◆ **Supplied material**

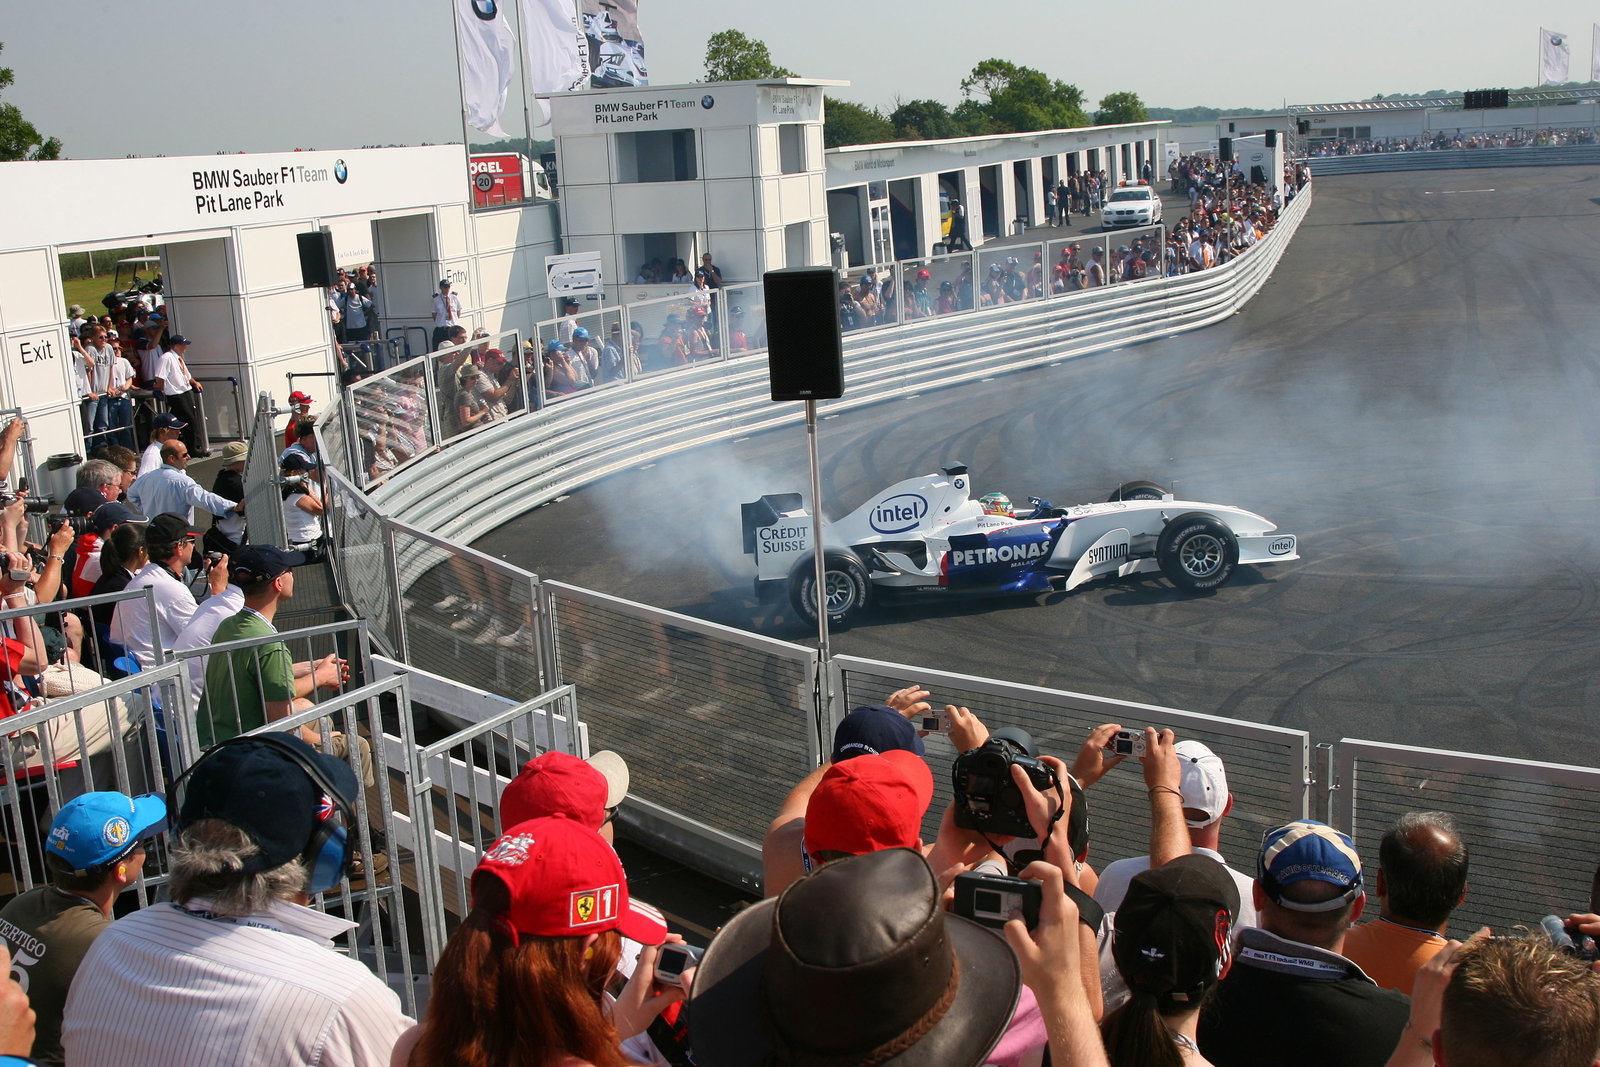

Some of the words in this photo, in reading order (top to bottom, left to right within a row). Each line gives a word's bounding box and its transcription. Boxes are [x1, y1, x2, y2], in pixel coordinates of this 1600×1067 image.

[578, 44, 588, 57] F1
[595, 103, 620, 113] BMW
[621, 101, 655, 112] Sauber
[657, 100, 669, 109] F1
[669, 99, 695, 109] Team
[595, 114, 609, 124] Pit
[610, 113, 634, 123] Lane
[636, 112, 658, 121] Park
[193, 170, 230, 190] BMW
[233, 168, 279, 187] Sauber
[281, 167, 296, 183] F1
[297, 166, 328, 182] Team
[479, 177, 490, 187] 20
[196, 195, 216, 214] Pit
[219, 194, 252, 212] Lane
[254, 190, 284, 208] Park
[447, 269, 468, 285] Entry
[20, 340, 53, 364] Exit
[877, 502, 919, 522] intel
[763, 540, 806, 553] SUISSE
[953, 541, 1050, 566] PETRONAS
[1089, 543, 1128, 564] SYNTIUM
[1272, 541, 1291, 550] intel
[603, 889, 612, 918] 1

◆ **Your goal**
For this exercise, return the data above exactly and leave every picture out.

◆ **Result of the task**
Some of the words in this photo, in reading order (top to bottom, left to right within a row). Each line gives a word's bounding box and its transcription. Boxes are [x1, y1, x2, y2], in pixel coordinates of this 1600×1067 image.

[578, 44, 588, 57] F1
[595, 103, 620, 113] BMW
[621, 101, 655, 112] Sauber
[657, 100, 669, 109] F1
[669, 99, 695, 109] Team
[595, 114, 609, 124] Pit
[610, 113, 634, 123] Lane
[636, 112, 658, 121] Park
[193, 170, 230, 190] BMW
[233, 168, 279, 187] Sauber
[281, 167, 296, 183] F1
[297, 166, 328, 182] Team
[479, 177, 490, 187] 20
[196, 195, 216, 214] Pit
[219, 194, 252, 212] Lane
[254, 190, 284, 208] Park
[447, 269, 468, 285] Entry
[20, 340, 53, 364] Exit
[877, 502, 919, 522] intel
[763, 540, 806, 553] SUISSE
[953, 541, 1050, 566] PETRONAS
[1089, 543, 1128, 564] SYNTIUM
[1272, 541, 1291, 550] intel
[603, 889, 612, 918] 1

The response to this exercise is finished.